Top of DATA PROVIDED

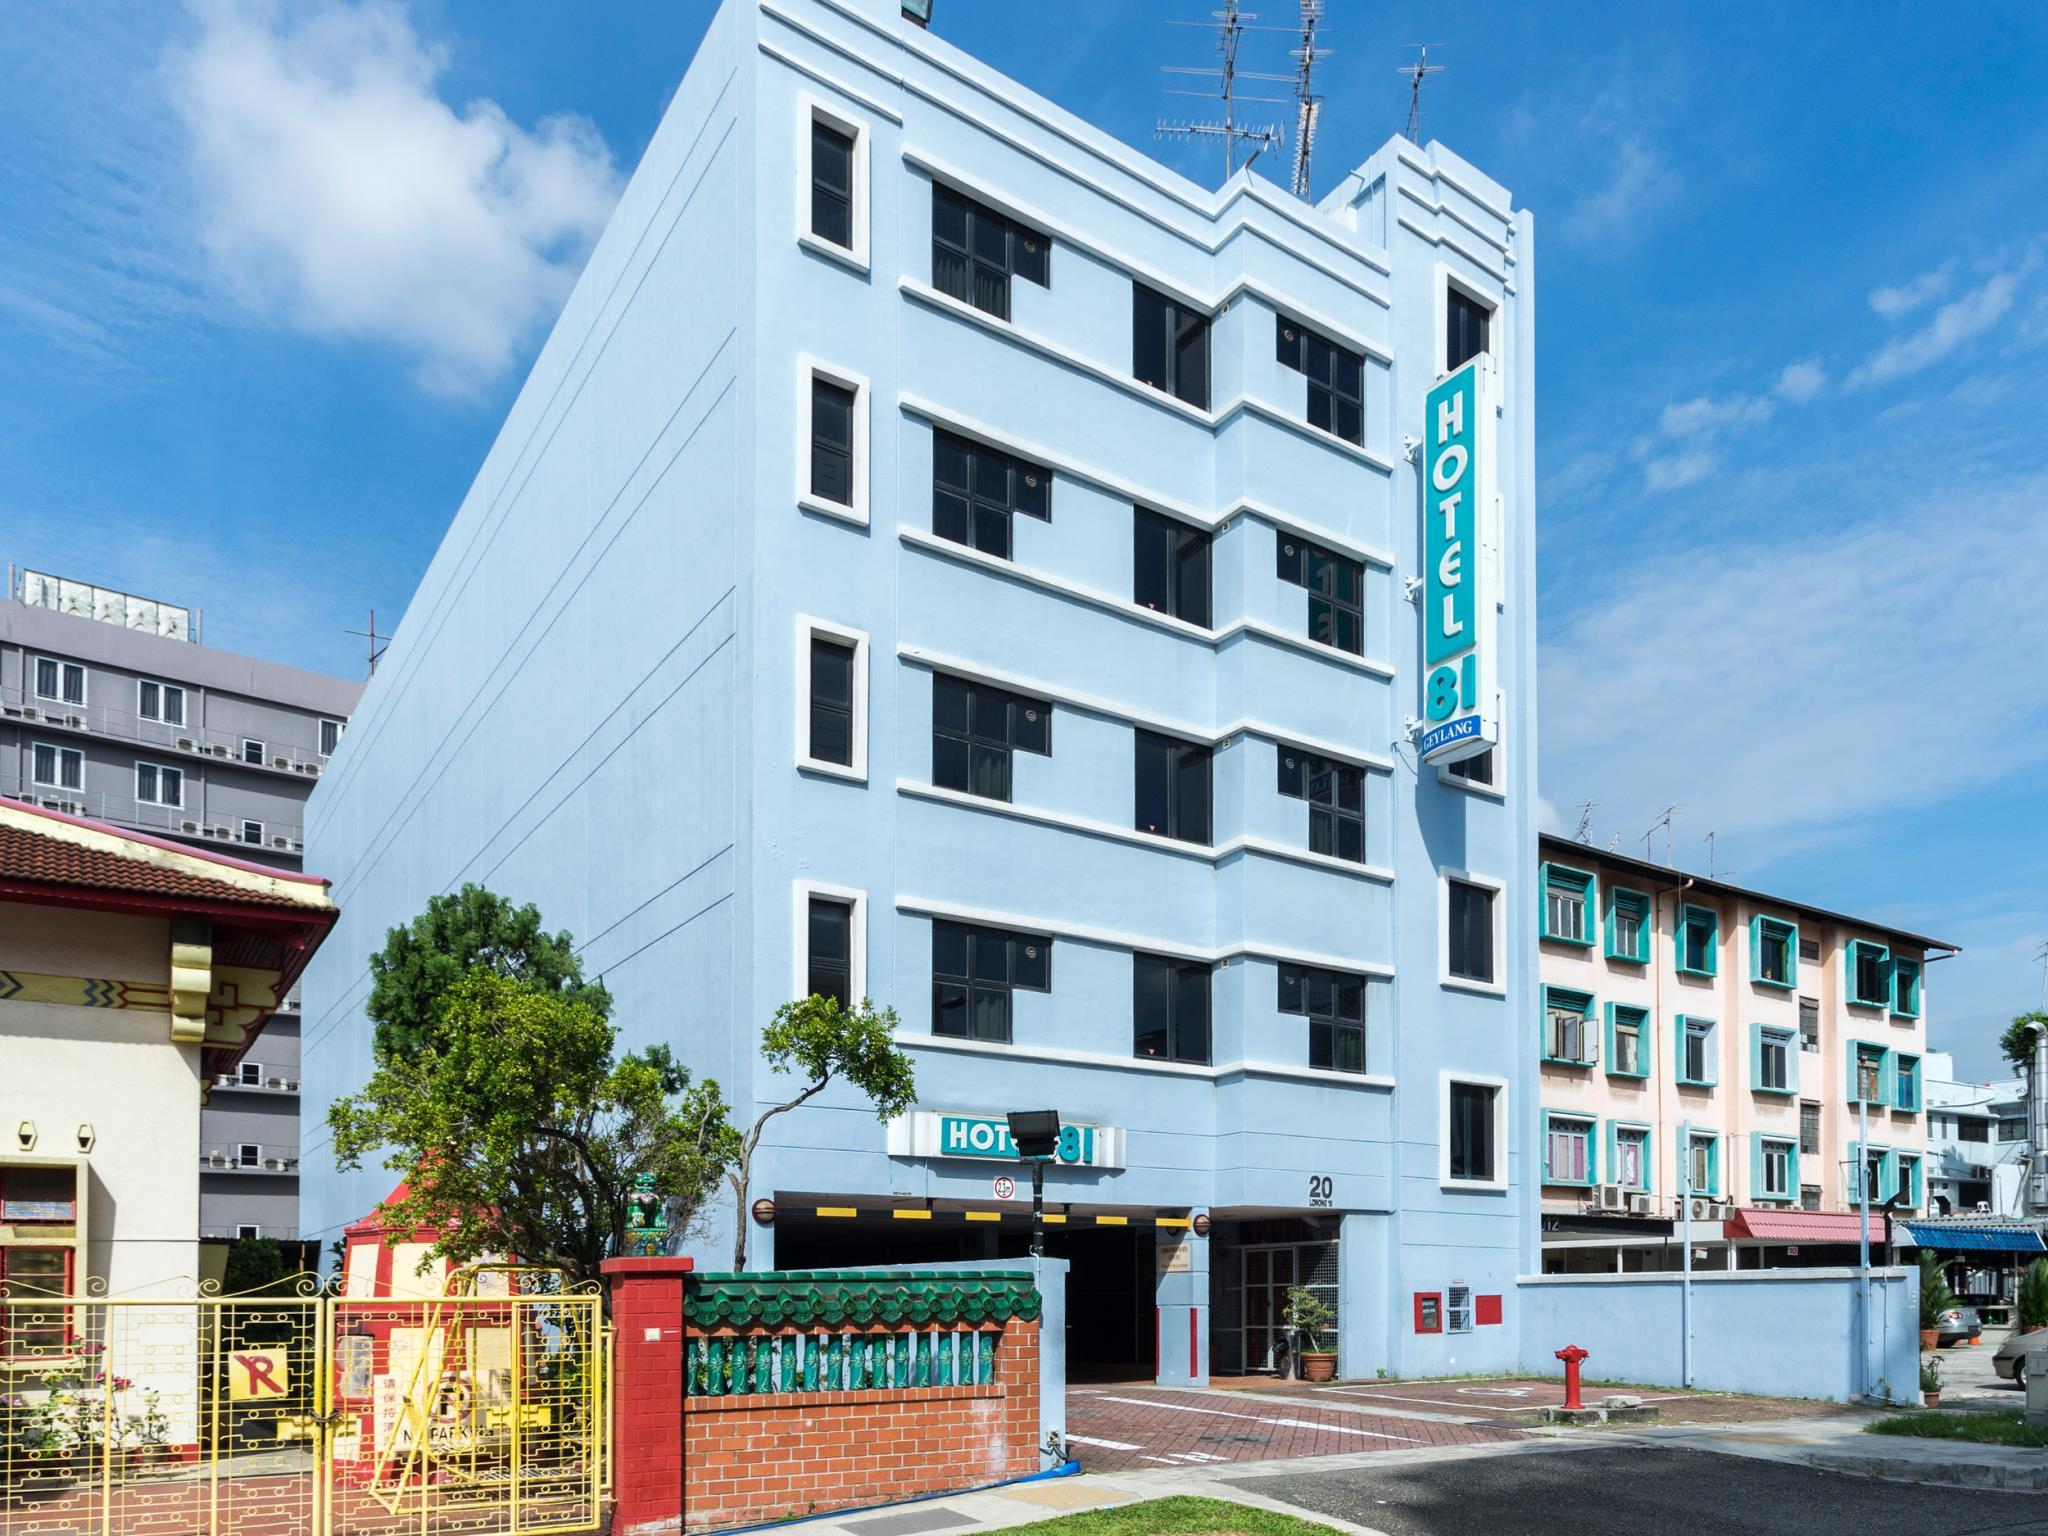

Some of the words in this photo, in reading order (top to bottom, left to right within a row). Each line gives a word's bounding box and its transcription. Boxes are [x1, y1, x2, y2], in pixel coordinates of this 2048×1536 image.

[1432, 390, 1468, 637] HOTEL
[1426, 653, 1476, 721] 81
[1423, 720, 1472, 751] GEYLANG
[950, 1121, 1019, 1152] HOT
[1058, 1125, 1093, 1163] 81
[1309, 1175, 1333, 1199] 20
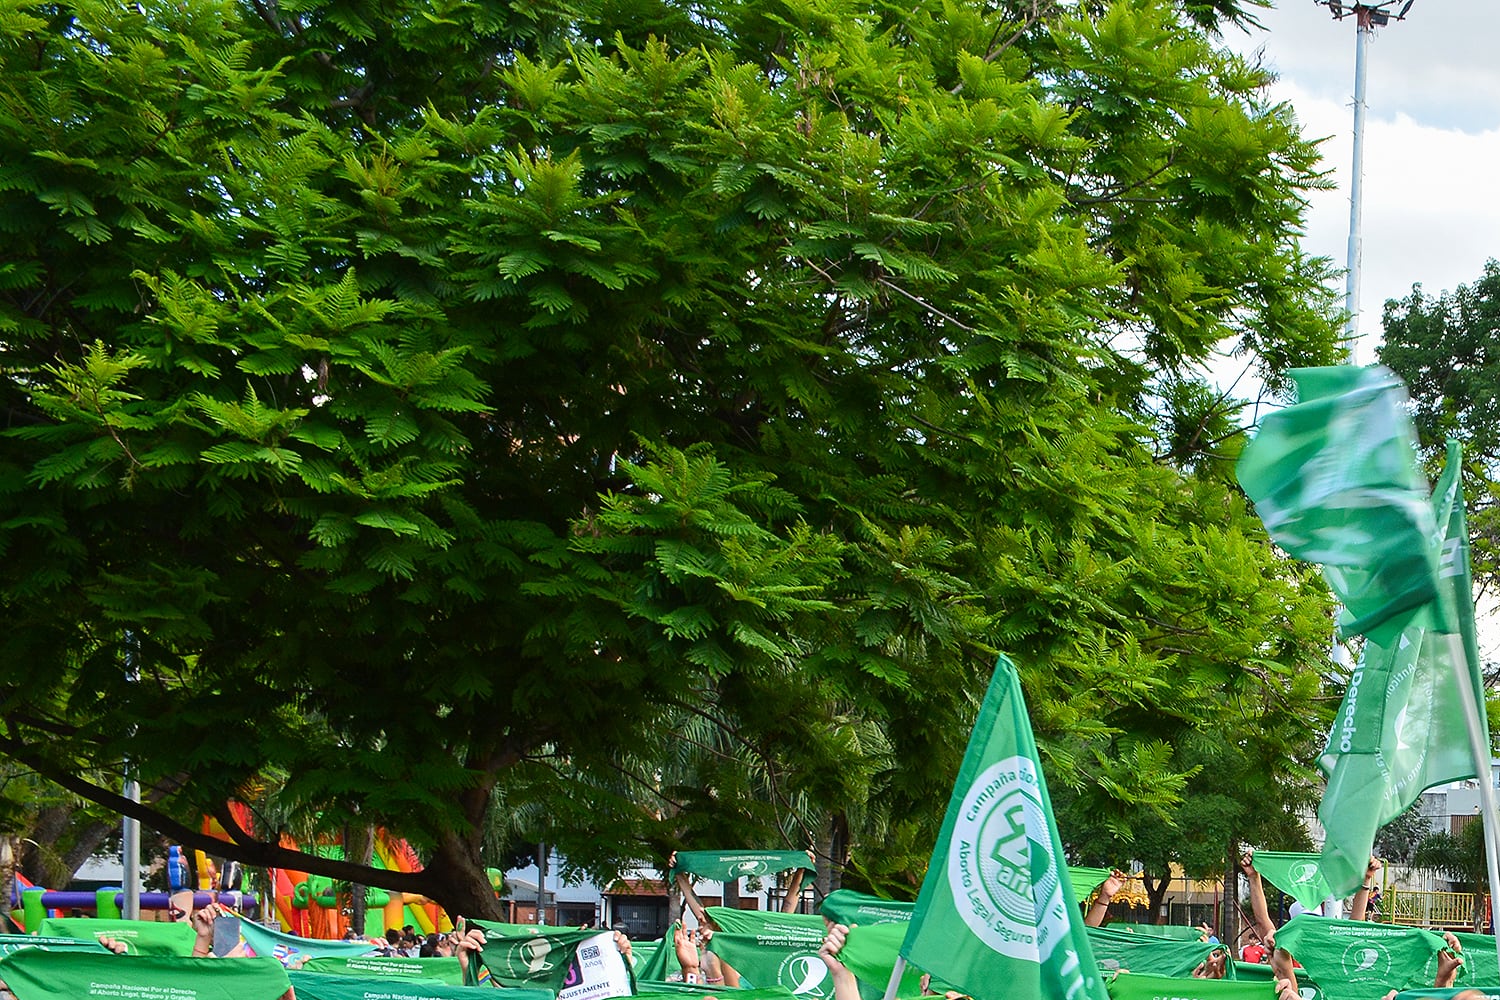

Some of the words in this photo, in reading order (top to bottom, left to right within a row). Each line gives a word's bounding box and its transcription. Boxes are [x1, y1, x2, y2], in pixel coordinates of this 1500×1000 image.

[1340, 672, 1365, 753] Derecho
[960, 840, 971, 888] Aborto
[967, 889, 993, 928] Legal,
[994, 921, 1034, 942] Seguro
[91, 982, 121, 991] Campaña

Bottom of DATA PROVIDED

YOUR TASK
Quote every entry exactly, with the pictures omitted.

OUTPUT FOR THIS TASK
Some of the words in this photo, in reading order (top to bottom, left to right within a row). Each line gives a word's bounding box and its transcription. Boxes are [x1, y1, x2, y2], in pixel coordinates of this 2048×1536 image.

[1432, 390, 1468, 637] HOTEL
[1426, 653, 1476, 721] 81
[1423, 720, 1472, 751] GEYLANG
[950, 1121, 1019, 1152] HOT
[1058, 1125, 1093, 1163] 81
[1309, 1175, 1333, 1199] 20

Some of the words in this photo, in reading order (top to bottom, left to right within a row). Each line gives a word's bounding box and its transcription. Boxes are [x1, y1, x2, y2], in pixel coordinates of this 1500×1000 image.

[1340, 672, 1365, 753] Derecho
[960, 840, 971, 888] Aborto
[967, 889, 993, 928] Legal,
[994, 921, 1034, 942] Seguro
[91, 982, 121, 991] Campaña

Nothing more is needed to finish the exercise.